The high performanance projects will get fixed last and they're the ones with the shortest deadlines so logically they should be first. How about setting up (or reserving) additional Collection Server resources so that the high performance WUs can be returced promptly even after the old binaries hang? The uniprecessor loads on the collection servers may not be huge, but it's easier for them to handle additional delays.
Also, how about some small SMP projects for those of us on dial-up?
Re: 171.64.65.56 is in Reject status
Posted: Wed Dec 03, 2008 4:20 am
by AgrFan
ArVee wrote:.65.56 is in Reject mode again. I really have to ask how many times this needs to be reported before it sinks in that there may be a workload or balancing problem. I mean c'mon, this is beyond ineptitude and right into ridiculous. Why don't you just get to it and address this with an eye to a permanent solution?
I'd suggest running the Windows SMP client until more work is available from this server. 171.64.65.64 is fully functional and has plenty of work available.
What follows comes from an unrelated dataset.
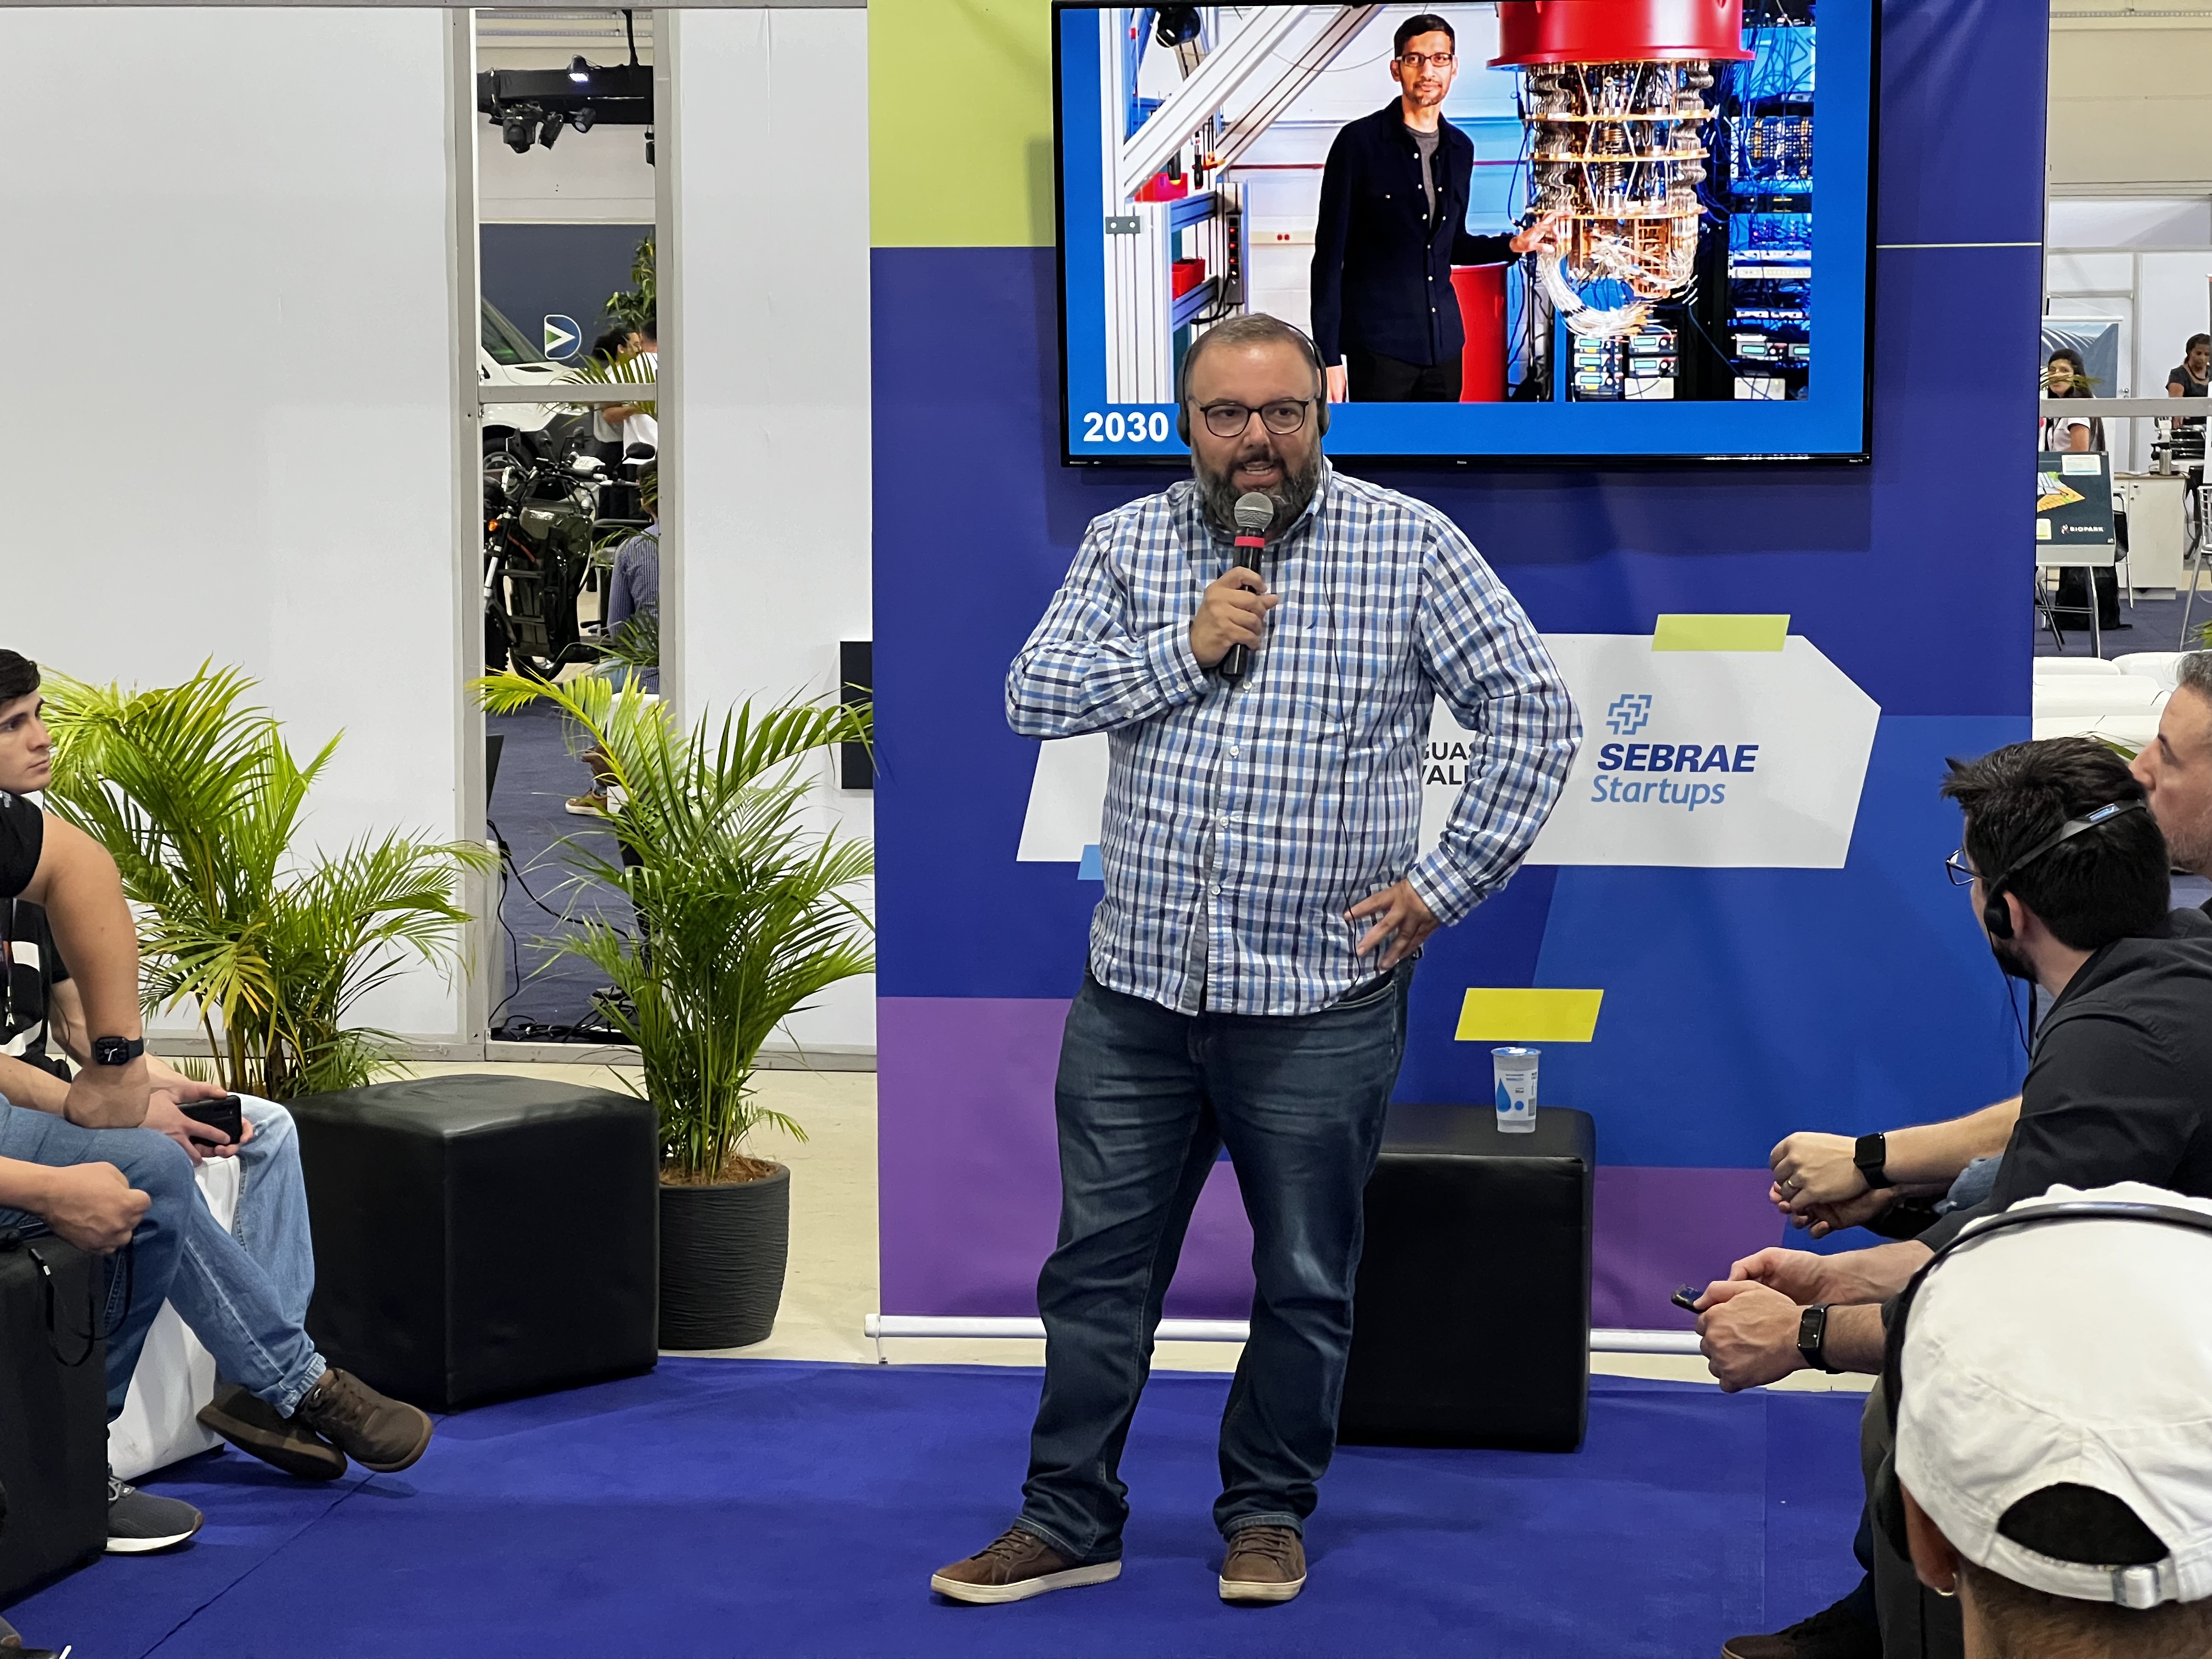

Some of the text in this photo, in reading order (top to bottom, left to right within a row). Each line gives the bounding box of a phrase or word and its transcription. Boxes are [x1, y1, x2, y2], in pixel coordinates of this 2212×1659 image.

[1083, 411, 1169, 442] 2030
[1424, 742, 1470, 760] UA
[1597, 744, 1759, 772] SEBRAE
[1592, 775, 1725, 811] Startups
VijayPande wrote:This issue has been answered in another thread as well as a recent blog post (giving the full reason, timeline for update, etc). I can understand your frustration here, and I suggest that you check out the details of our plan:
http://folding.typepad.com/news/2008/11 ... asily.html
I really don't understand how faulty server code is the answer to this problem. This server was fully functional for quite some time when the 2605 WUs were readily available.
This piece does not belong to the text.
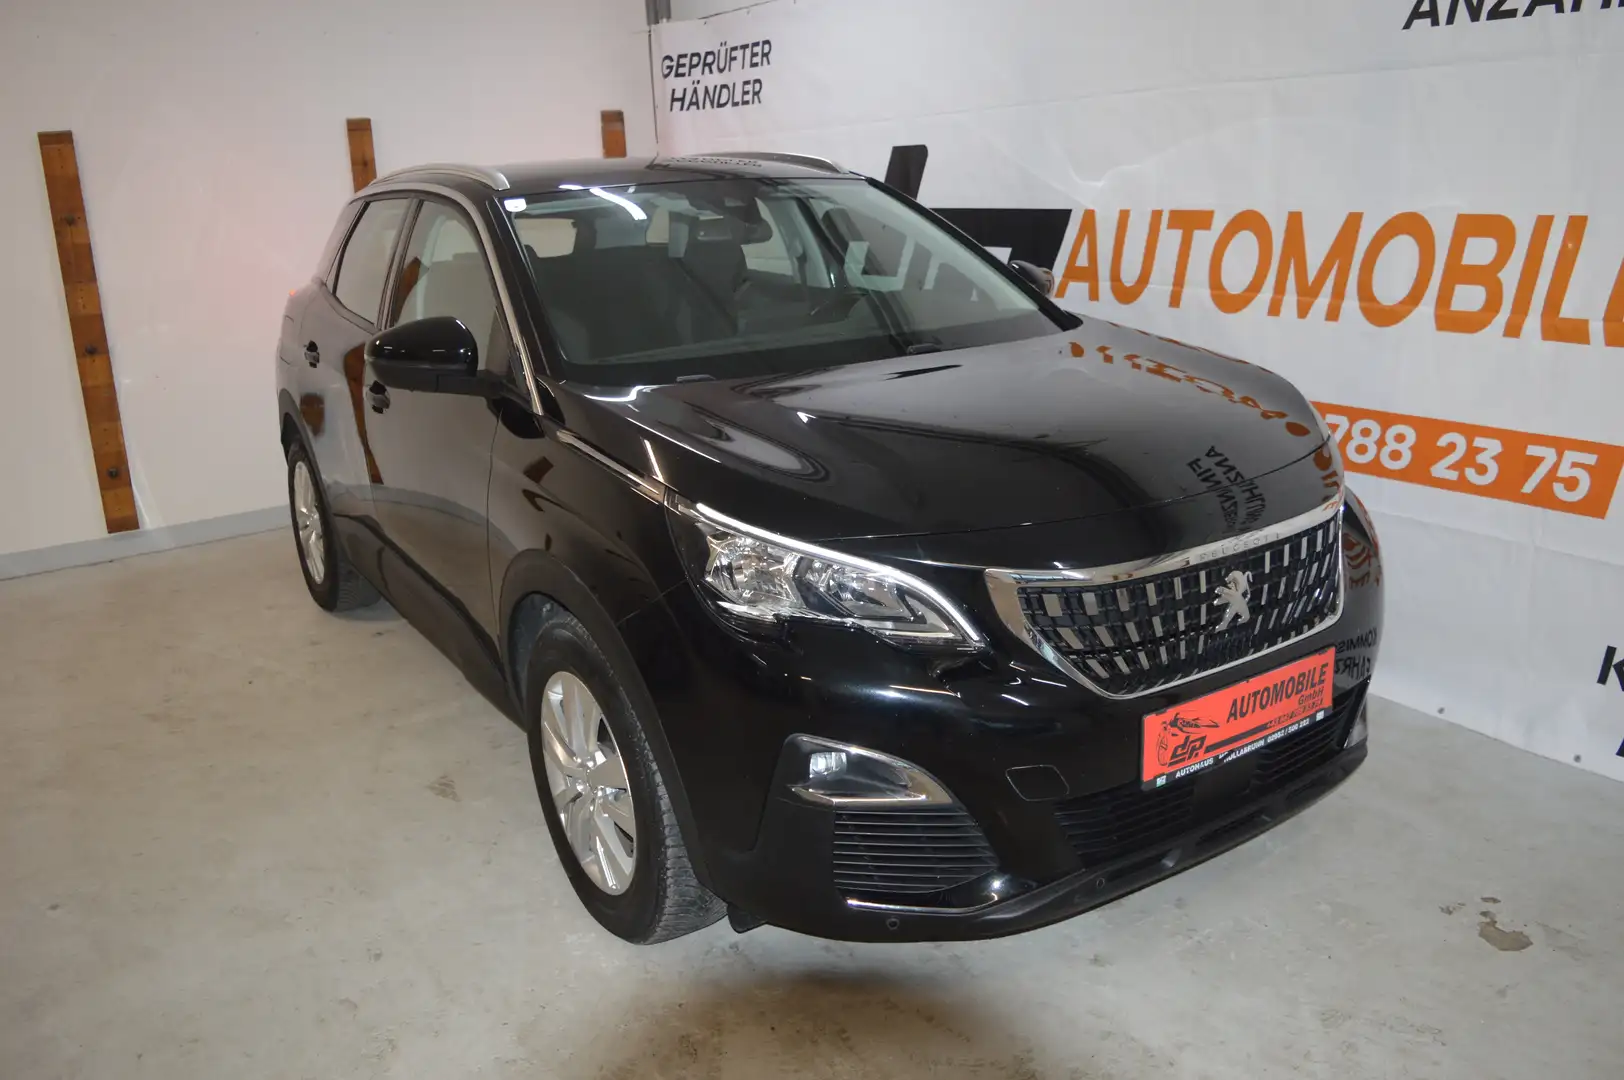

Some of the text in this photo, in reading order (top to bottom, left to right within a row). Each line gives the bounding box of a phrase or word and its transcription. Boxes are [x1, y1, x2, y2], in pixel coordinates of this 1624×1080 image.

The big questions are a) why is this server low on work, b) why does work not get uploaded to a collection server when this server goes down, and c) why can't a temporary fix be implemented in the low-level HTTP code/library to stop the binaries from hanging when this server gets overloaded?
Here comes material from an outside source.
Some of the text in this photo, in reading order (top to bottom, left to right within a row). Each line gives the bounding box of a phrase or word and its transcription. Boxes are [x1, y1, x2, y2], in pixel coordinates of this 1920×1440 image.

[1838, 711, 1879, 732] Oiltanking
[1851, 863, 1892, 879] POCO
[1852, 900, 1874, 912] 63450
Re: 171.64.65.56 is in Reject status
Posted: Wed Dec 03, 2008 10:20 am
by bruce
AgrFan wrote:The big questions are a) why is this server low on work, b) why does work not get uploaded to a collection server when this server goes down, and c) why can't a temporary fix be implemented in the low-level HTTP code/library to stop the binaries from hanging when this server gets overloaded?
All servers make new WUs from the results that are returned. If a server is overloaded, it may be able to assign all the WUs (small data transfers) while not being able to accept the large data transfers associated with uploads. Also, projects do end. Then it takes human thought to learn what an old project told them and devise a project to answer the new questions that were discovered. Then new projects must be prepared and tested before they can be distributed. When an individual server is overloaded or down, there usually is redundancy provided by assigning work from other servers.
The collection servers are running at maximum capacity. I'm not sure when new server capacity will come on-line or how it will be allocated.
Vijay said "
likely in the low-level HTTP code/library" which means they have not been able to fully identify why the binary hangs so they also don't know exactly what to fix. Older versions of Linux contain bugs that are fixed in newer versions so the best approach is to upgrade to a new version. (If anyone knows how to do the suggested temporary fix, let us know.)
BTW, the server appears to be running fine right now with a reasonably light load.
Re: 171.64.65.56 is in Reject status
Posted: Thu Dec 04, 2008 3:13 am
by AgrFan
bruce wrote:
All servers make new WUs from the results that are returned. If a server is overloaded, it may be able to assign all the WUs (small data transfers) while not being able to accept the large data transfers associated with uploads. Also, projects do end. Then it takes human thought to learn what an old project told them and devise a project to answer the new questions that were discovered. Then new projects must be prepared and tested before they can be distributed. When an individual server is overloaded or down, there usually is redundancy provided by assigning work from other servers.
It sounds like many of the 26xx projects may be ending soon with new projects coming online in the near future. This would explain the lack of work on this server. It would be helpful if Stanford gave periodic status updates of the projects being serviced by this server, specifically the A2 units since they are the units people are the most interested in for the higher point production. If it was known that A2 units are getting scarce, donors may be willing to run other clients temporarily until more A2 units are available. I stopped running the CPU client for the bonus Amber units when Vince Voelz posted in the forum that those projects were soon coming to an end and their priority was going to be lowered. I know Stanford doesn't want to regularly publicize this kind of information but as a donor it does make us feel like our contributions are valued and adds a nice touch to the whole folding experience.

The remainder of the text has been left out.